После подтверждения закройте запись, щелкнув значок черного квадрата. Когда запись будет завершена, отфильтруйте данные с помощью фильтра нижних частот Бесселя с частотой 100 Гц с помощью электрофизиологического программного обеспечения. Наблюдайте за текущими скачками в отфильтрованных данных о потенциале удержания.

Эти скачки представляют собой димеризацию ионного канала грамицидина А. Когда замороженный мембранный предшественник был доведен до комнатной температуры для оттаивания, образование липидного бислоя облегчается за счет экстракции гидрофобного растворителя в тонкую пленку PDMS. Эта последовательность изображений показывает образование липидного бислоя, который самособирается при нагревании из своей замороженной формы.

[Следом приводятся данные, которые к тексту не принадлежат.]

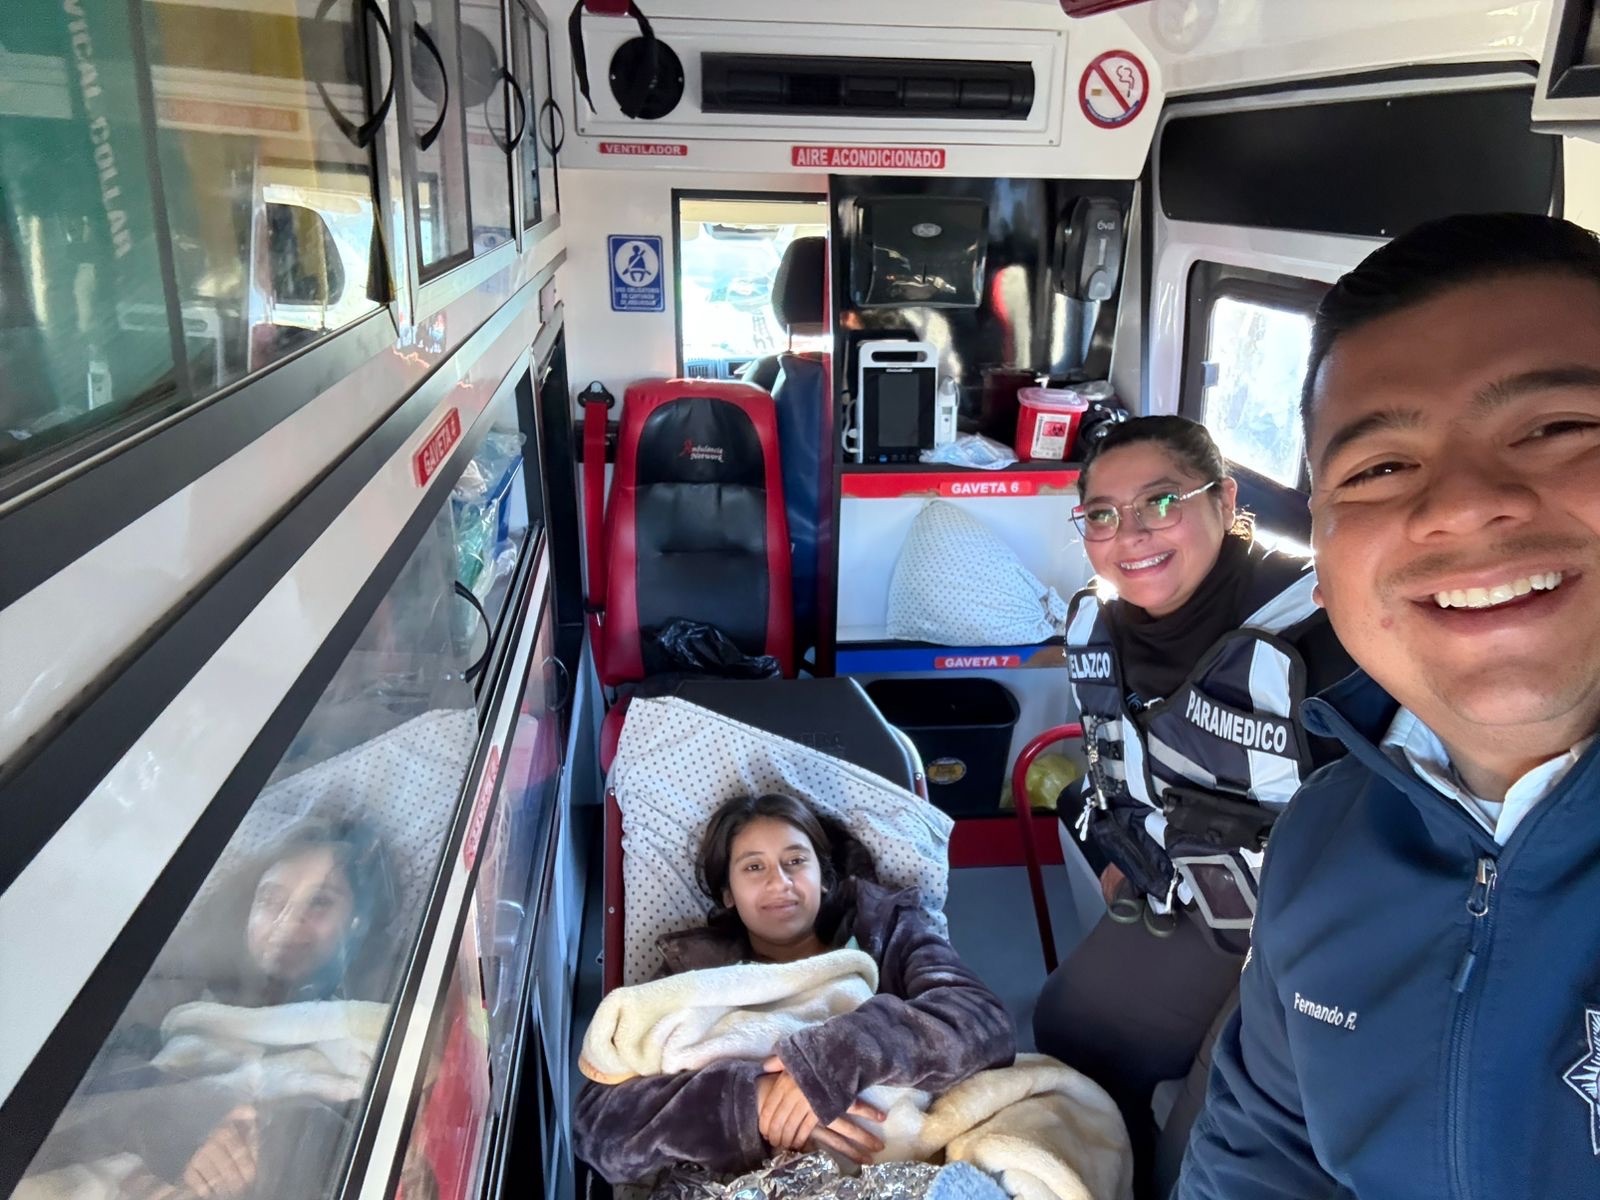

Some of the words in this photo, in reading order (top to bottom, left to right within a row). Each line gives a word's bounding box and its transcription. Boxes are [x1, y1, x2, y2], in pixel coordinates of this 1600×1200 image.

[603, 145, 682, 155] VENTILADOR
[797, 148, 828, 165] AIRE
[832, 149, 941, 167] ACONDICIONADO
[423, 423, 452, 477] GAVETA
[951, 483, 1007, 494] GAVETA
[1011, 482, 1019, 493] 6
[945, 657, 998, 668] GAVETA
[1002, 656, 1009, 666] 7
[1185, 689, 1287, 753] PARAMEDICO
[1293, 991, 1344, 1026] Fernando

Здесь электрическая проводимость иллюстрирует включение и димеризацию грамицидина А. При димеризации грамицидин А образует ионный канал, и уровни проводимости подскакивают до 28 пикосименсов, что согласуется с результатами предыдущих исследований и свидетельствует о немедленном включении этого антибиотика в бислой. Наша технология формирования мембран является мощным инструментом для исследований клеточных мембран и наноканалов, в отличие от традиционных методов, которые имеют ограниченные возможности для практического применения. Наша система не требует специальных знаний ни для формирования мембраны, ни для включения ионных каналов, что делает ее хорошо подходящей для скрининга лекарственных препаратов и биозондирования.